Information provided:
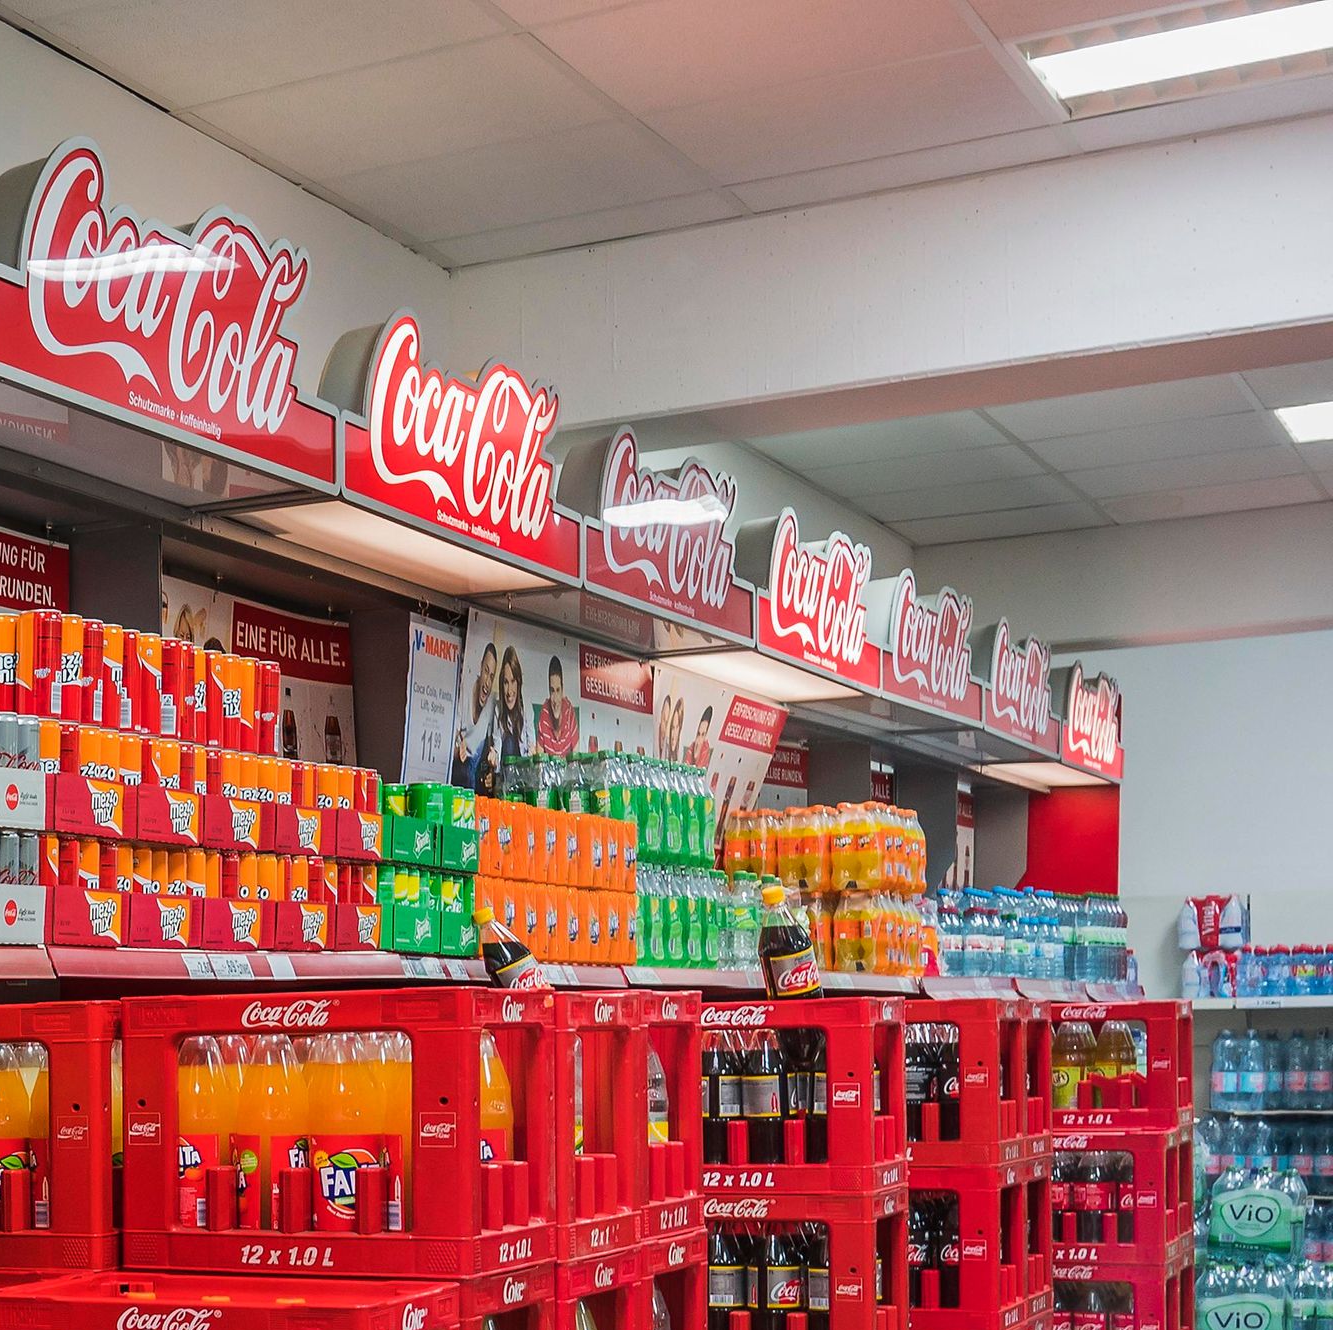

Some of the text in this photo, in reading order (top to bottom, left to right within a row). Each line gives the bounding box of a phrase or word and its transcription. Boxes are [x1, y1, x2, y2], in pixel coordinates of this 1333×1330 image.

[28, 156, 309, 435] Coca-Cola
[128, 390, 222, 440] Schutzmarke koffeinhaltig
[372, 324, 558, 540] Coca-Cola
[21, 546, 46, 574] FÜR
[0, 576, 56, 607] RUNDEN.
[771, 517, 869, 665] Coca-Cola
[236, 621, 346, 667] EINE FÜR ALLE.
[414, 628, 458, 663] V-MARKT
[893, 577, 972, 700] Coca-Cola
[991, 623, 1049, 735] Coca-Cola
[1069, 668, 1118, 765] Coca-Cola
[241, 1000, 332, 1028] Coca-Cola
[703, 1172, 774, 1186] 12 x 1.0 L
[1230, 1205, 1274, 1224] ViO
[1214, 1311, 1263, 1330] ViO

What needs to be done: Only the pictures stay behind; copy everything else in the records above exactly.

Expected answer:
Some of the text in this photo, in reading order (top to bottom, left to right within a row). Each line gives the bounding box of a phrase or word and its transcription. Boxes are [x1, y1, x2, y2], in pixel coordinates of this 1333×1330 image.

[28, 156, 309, 435] Coca-Cola
[128, 390, 222, 440] Schutzmarke koffeinhaltig
[372, 324, 558, 540] Coca-Cola
[21, 546, 46, 574] FÜR
[0, 576, 56, 607] RUNDEN.
[771, 517, 869, 665] Coca-Cola
[236, 621, 346, 667] EINE FÜR ALLE.
[414, 628, 458, 663] V-MARKT
[893, 577, 972, 700] Coca-Cola
[991, 623, 1049, 735] Coca-Cola
[1069, 668, 1118, 765] Coca-Cola
[241, 1000, 332, 1028] Coca-Cola
[703, 1172, 774, 1186] 12 x 1.0 L
[1230, 1205, 1274, 1224] ViO
[1214, 1311, 1263, 1330] ViO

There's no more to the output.